Java Find Median in Stream

Question

I'm trying to find the median in a input stream in Java. After each user input, there should be an output updating the new median. Example: After reading 1st element of stream 5 median is 5 After reading 2nd element of stream 5, 15 median is 10 After reading 3rd element of stream 5, 15, 1 median is 5 After reading 4th element of stream 5, 15, 1, 3 median is 4, so on

Here's my code so far but it does not work for inputs past 4.

public static void main(String[] args){
    Scanner s = new Scanner(System.in); 
    System.out.print("Enter a integer for number of streams: ");
    int n=s.nextInt();
    int[] x=new int[n];
    for(int i=0;i<n;i++) {
        System.out.println("Enter a integer: ");
        x[i]=s.nextInt();
        if(i==0) { //first input number
            System.out.println(x[i]+" goes to stream --> Median is: "+x[i]);
        }
        else if(i==1) {   //when i =1, it is technically second input 
            System.out.println(x[i]+" goes to stream --> Median is: "+(float)(x[i]+x[0])/2);
        }
        else if(i>=2 && i%2==0) {  //3rd input so # of inputs is odd        
            Arrays.sort(x);
            System.out.println(x[i]+" goes to stream --> Median is: "+x[n/2]);
        }
        else if(i>=3 && i%2!=0) {  //when # of input is more than 3 and even
            Arrays.sort(x);
            int j=n/2;
            float med=(x[j]+x[j-1])/2;
            System.out.println(x[i]+" goes to stream --> Median is: "+med);
        }

I have not finished yet but my question is: does this approach work? Basically I'm just using iterator i to see if the # of inputs is odd or even. If odd, sort the input array, and find the middle #. If even, find the middle 2 and add and divide. I have seen other solutions using heaps etc, but I am only strictly using arrays.

Answer 1

Your code looks ok, obviously it can be improved since its a naive approach.

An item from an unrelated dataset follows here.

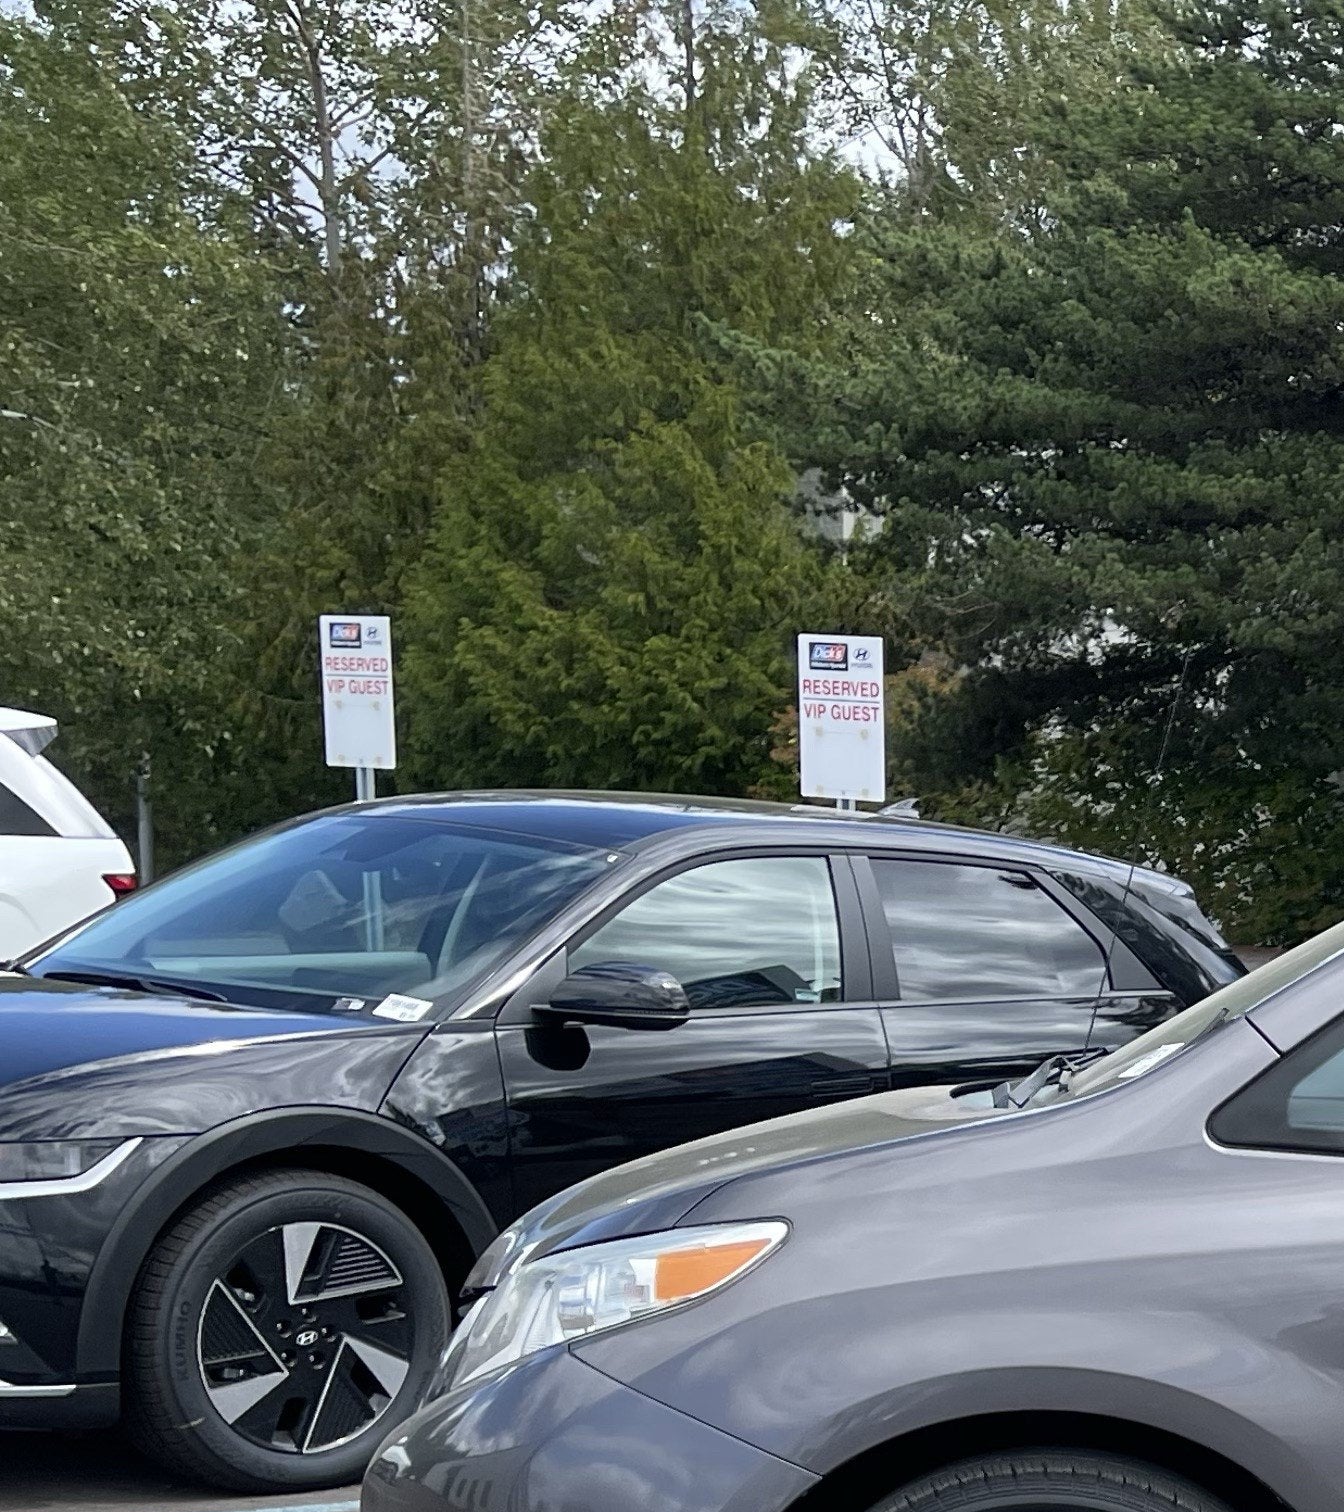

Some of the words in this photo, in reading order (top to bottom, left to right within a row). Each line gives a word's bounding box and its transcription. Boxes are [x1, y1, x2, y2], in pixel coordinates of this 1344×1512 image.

The mistake I see in your solution is that you are using n (length of complete array) instead of i (current length) in 3rd and 4th else-if block

Also, use an ArrayList instead of Array, as array is initialized to its default value (here 0) because of which you are getting wrong output.

Try using below correction:

public static void main(String[] args){
    Scanner s = new Scanner(System.in); 
    System.out.print("Enter a integer for number of streams: ");
    int n=s.nextInt();
    List<Integer> x = new ArrayList<>();
    for(int i=0;i<n;i++) {
        System.out.println("Enter a integer: ");
        x.add(s.nextInt());
        if(i==0) { //first input number
            System.out.println(x.get(i)+" goes to stream --> Median is: "+x[i]);
        }
        else if(i==1) {   //when i =1, it is technically second input 
            System.out.println(x.get(i)+" goes to stream --> Median is: "+(float)(x.get(i)+x.get(0))/2);
        }
        else if(i>=2 && i%2==0) {  //3rd input so # of inputs is odd        
            Collections.sort(x);
            System.out.println(x.get(i)+" goes to stream --> Median is: "+x.get(i/2));
        }
        else if(i>=3 && i%2!=0) {  //when # of input is more than 3 and even
            Collections.sort(x);
            int j=i/2;
            float med=(x.get(j)+x.get(j-1))/2;
            System.out.println(x.get(i)+" goes to stream --> Median is: "+med);
        }
 }
}

Now, lets talk about the time complexity.

As I said above its a naive approach. Next step can be to improve time complexity, which can be done by using data structure to store elements which sorts by itself on each new addition instead of we sorting each time. I mean if we use some kind of SortedList.

But, in java there is no class such as SortedList. But there is a class which is based on similar concept i.e. PriorityQueue. I would recommend you to read about it and try reducing the complexity yourself.